● **Problem statement**
Set down the whole listing below exactly, without pictures.

● **Records provided**
>>>>>

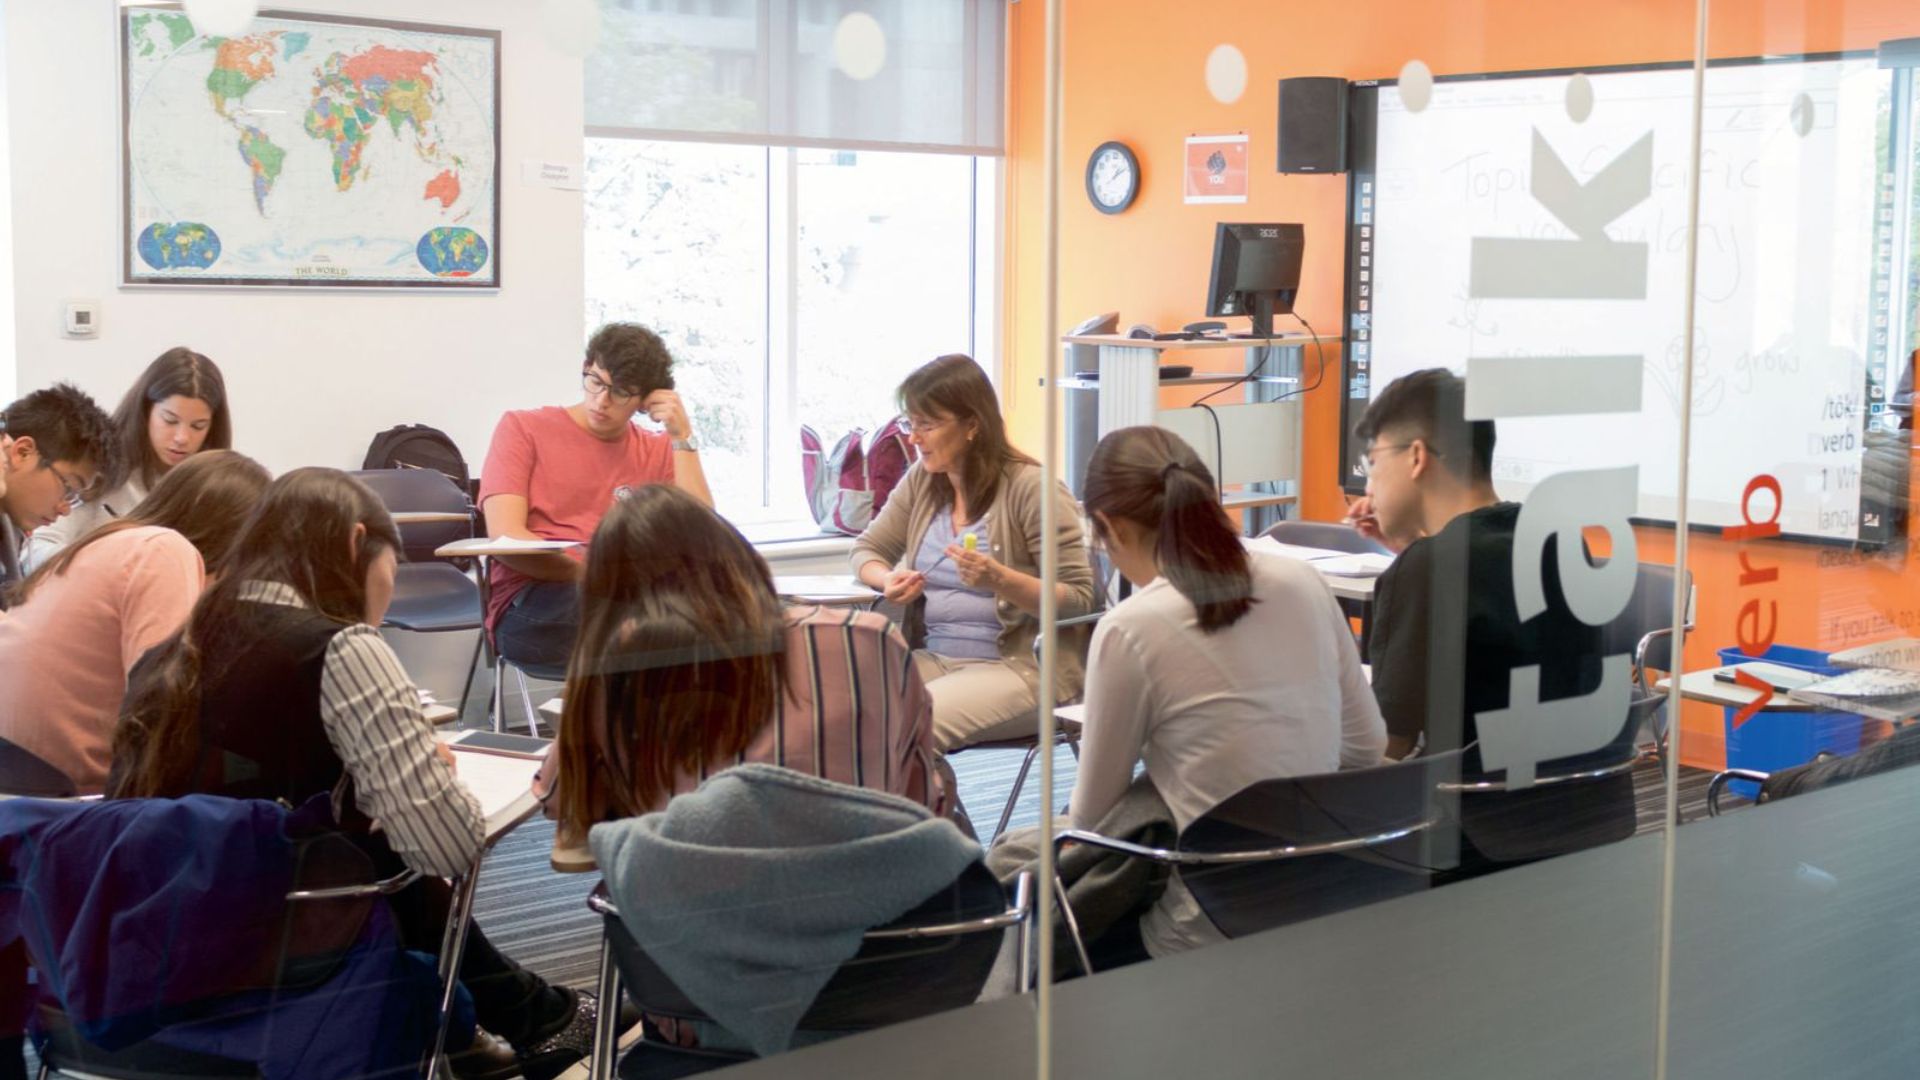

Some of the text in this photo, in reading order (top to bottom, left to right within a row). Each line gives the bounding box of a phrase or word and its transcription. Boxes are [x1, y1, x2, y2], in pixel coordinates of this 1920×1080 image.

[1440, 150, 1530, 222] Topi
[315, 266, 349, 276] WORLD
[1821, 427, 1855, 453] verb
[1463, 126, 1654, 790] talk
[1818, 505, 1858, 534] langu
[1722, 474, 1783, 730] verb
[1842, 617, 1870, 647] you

<<<<<

● **Exercise result**
Some of the text in this photo, in reading order (top to bottom, left to right within a row). Each line gives the bounding box of a phrase or word and its transcription. Boxes are [x1, y1, x2, y2], in pixel coordinates of this 1920×1080 image.

[1440, 150, 1530, 222] Topi
[315, 266, 349, 276] WORLD
[1821, 427, 1855, 453] verb
[1463, 126, 1654, 790] talk
[1818, 505, 1858, 534] langu
[1722, 474, 1783, 730] verb
[1842, 617, 1870, 647] you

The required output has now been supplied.